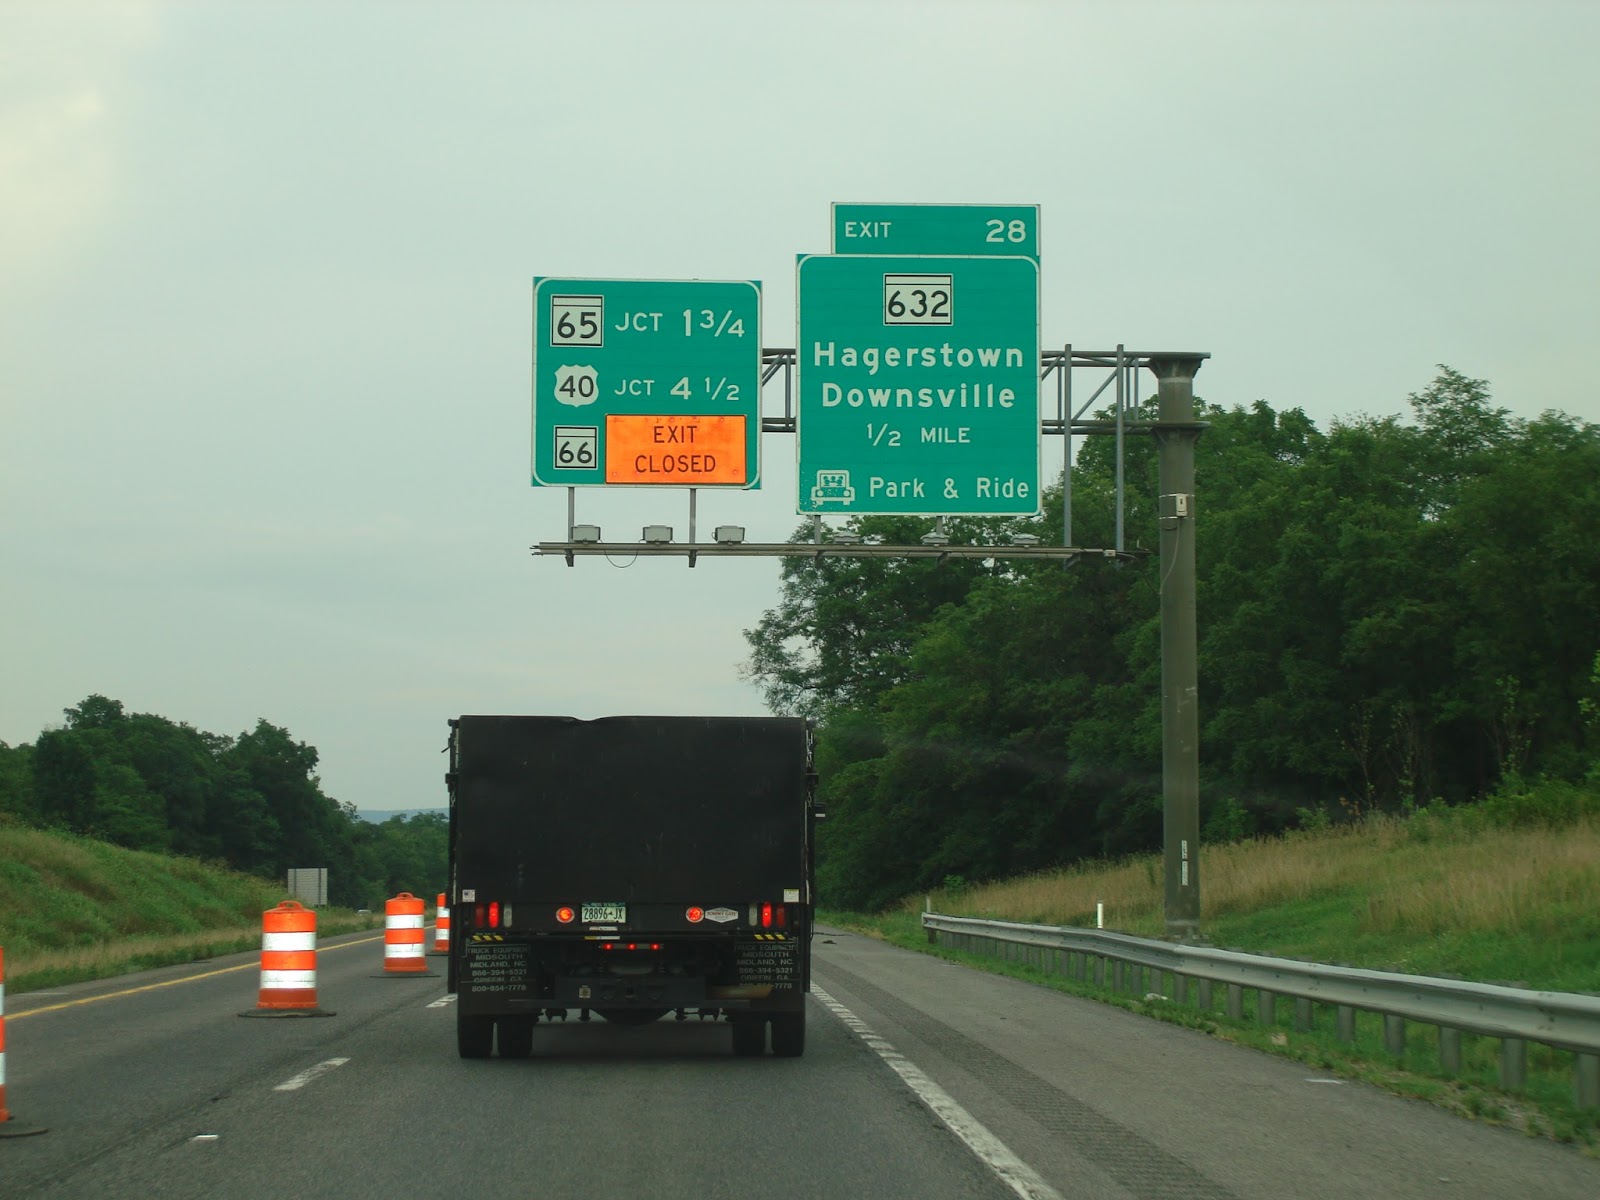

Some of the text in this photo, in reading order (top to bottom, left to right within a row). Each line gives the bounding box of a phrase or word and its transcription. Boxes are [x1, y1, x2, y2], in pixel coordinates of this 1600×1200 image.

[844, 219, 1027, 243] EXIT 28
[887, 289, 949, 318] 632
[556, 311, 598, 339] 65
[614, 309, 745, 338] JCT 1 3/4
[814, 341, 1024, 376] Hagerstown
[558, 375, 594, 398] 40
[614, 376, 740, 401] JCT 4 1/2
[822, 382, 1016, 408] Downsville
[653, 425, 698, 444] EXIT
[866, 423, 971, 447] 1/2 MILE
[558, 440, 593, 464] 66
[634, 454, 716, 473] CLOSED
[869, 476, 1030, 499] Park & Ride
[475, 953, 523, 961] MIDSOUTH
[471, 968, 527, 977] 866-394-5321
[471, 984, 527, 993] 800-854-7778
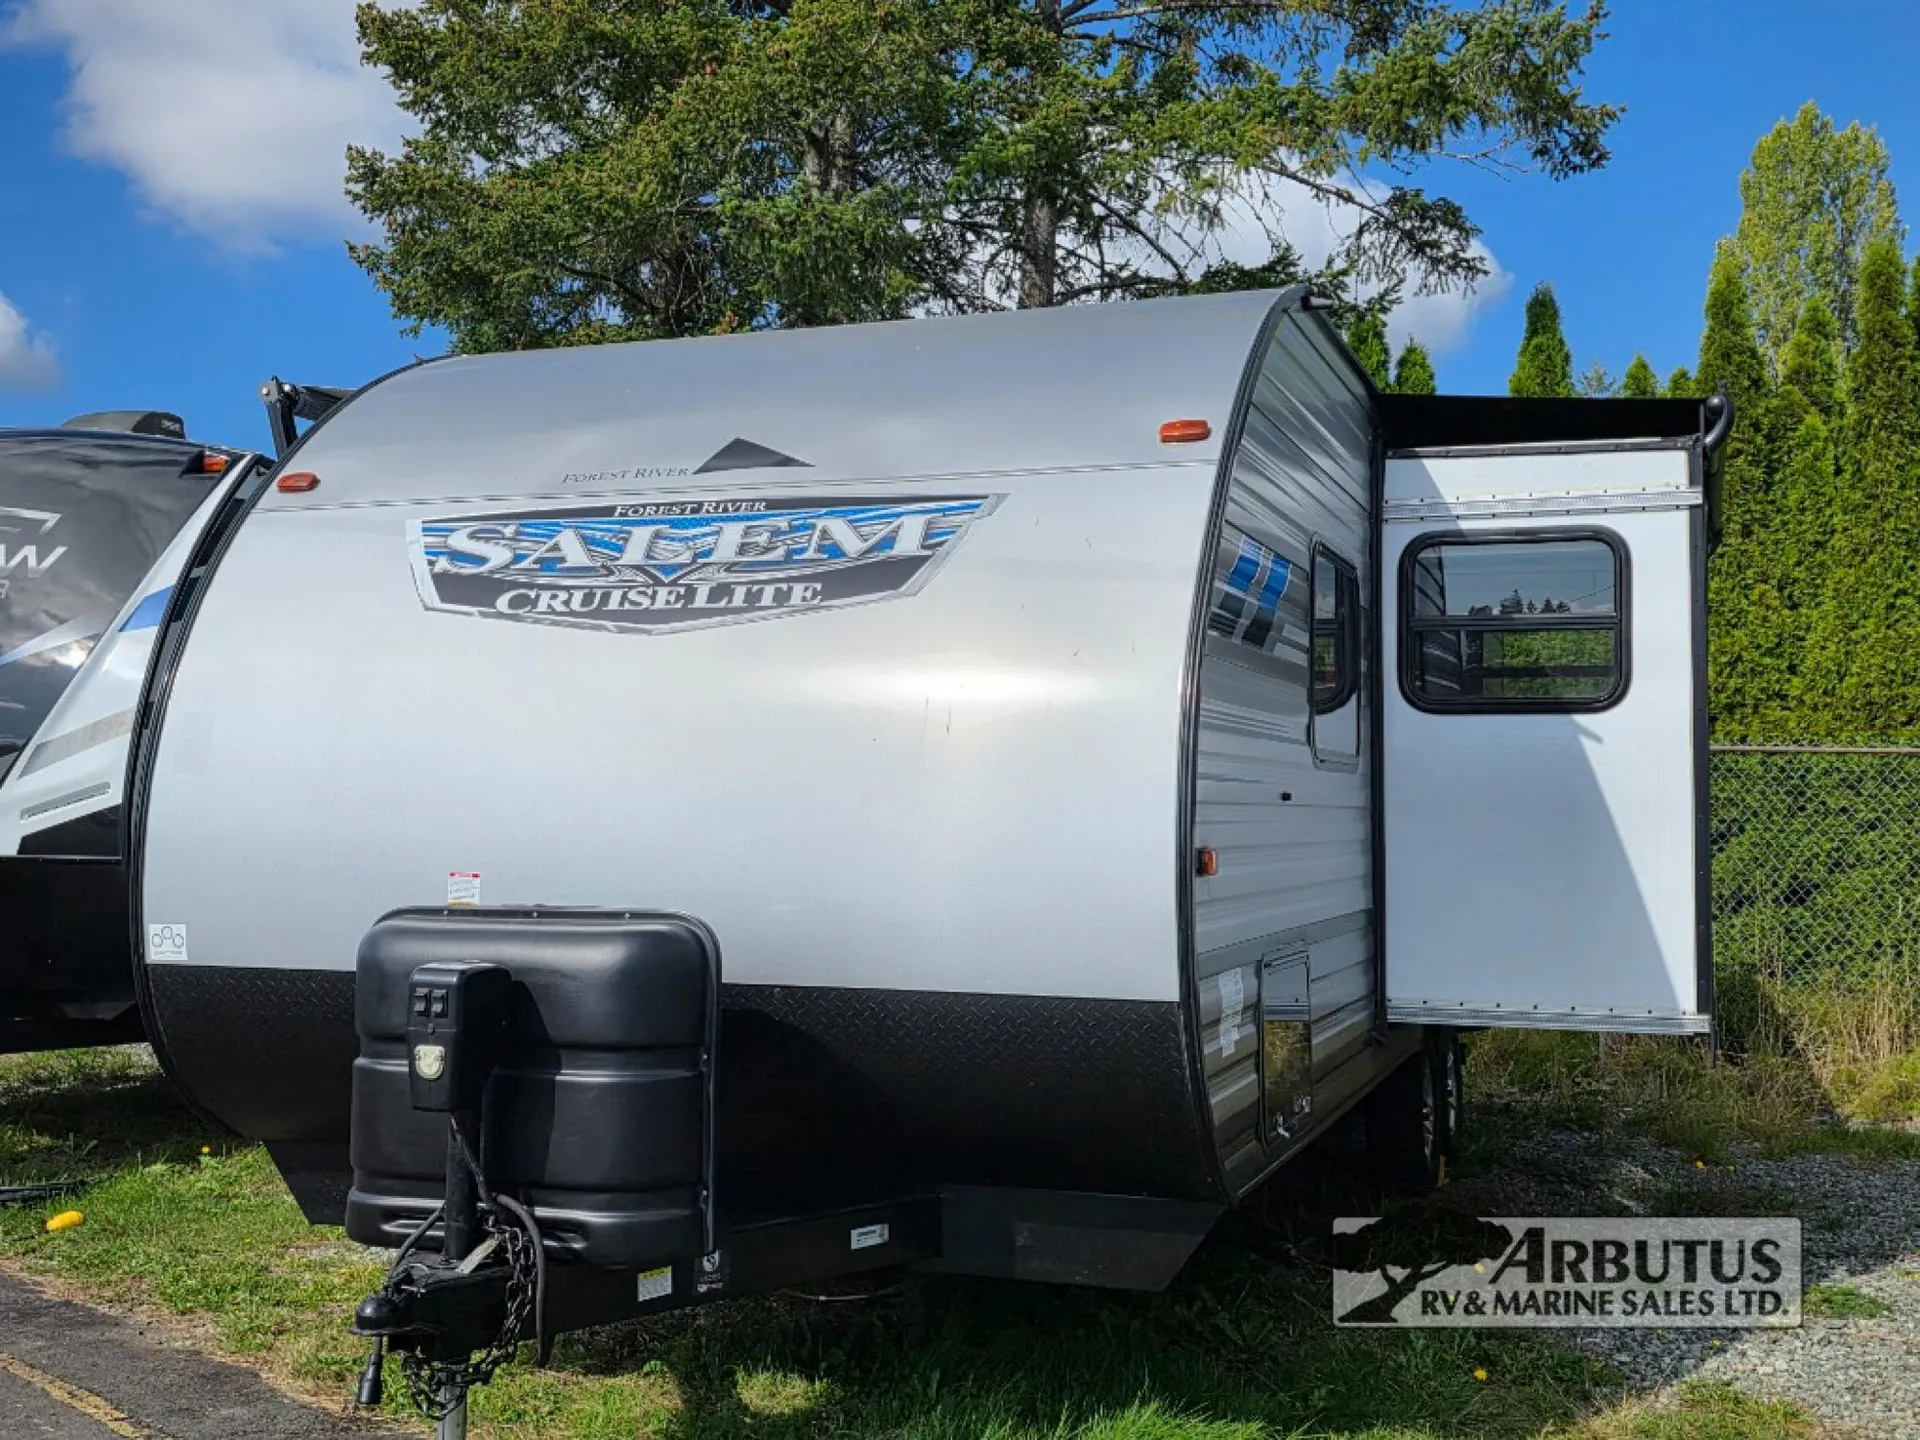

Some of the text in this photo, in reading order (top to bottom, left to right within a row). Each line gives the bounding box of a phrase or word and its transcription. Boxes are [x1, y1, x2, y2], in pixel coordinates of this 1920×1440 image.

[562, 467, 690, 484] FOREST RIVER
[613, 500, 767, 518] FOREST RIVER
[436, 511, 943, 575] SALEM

EXERCISE BRIEF:
Transcribe every line of the records exactly. Pictures do not belong in the copy.

EXERCISE ANSWER:
Some of the text in this photo, in reading order (top to bottom, left to right within a row). Each line gives the bounding box of a phrase or word and its transcription. Boxes are [x1, y1, x2, y2], in pixel coordinates of this 1600×1200 image.

[844, 219, 1027, 243] EXIT 28
[887, 289, 949, 318] 632
[556, 311, 598, 339] 65
[614, 309, 745, 338] JCT 1 3/4
[814, 341, 1024, 376] Hagerstown
[558, 375, 594, 398] 40
[614, 376, 740, 401] JCT 4 1/2
[822, 382, 1016, 408] Downsville
[653, 425, 698, 444] EXIT
[866, 423, 971, 447] 1/2 MILE
[558, 440, 593, 464] 66
[634, 454, 716, 473] CLOSED
[869, 476, 1030, 499] Park & Ride
[475, 953, 523, 961] MIDSOUTH
[471, 968, 527, 977] 866-394-5321
[471, 984, 527, 993] 800-854-7778

Some of the text in this photo, in reading order (top to bottom, left to right within a row). Each line gives the bounding box of a phrase or word and its transcription. Boxes are [x1, y1, x2, y2], in pixel coordinates of this 1920×1440 image.

[562, 467, 690, 484] FOREST RIVER
[613, 500, 767, 518] FOREST RIVER
[436, 511, 943, 575] SALEM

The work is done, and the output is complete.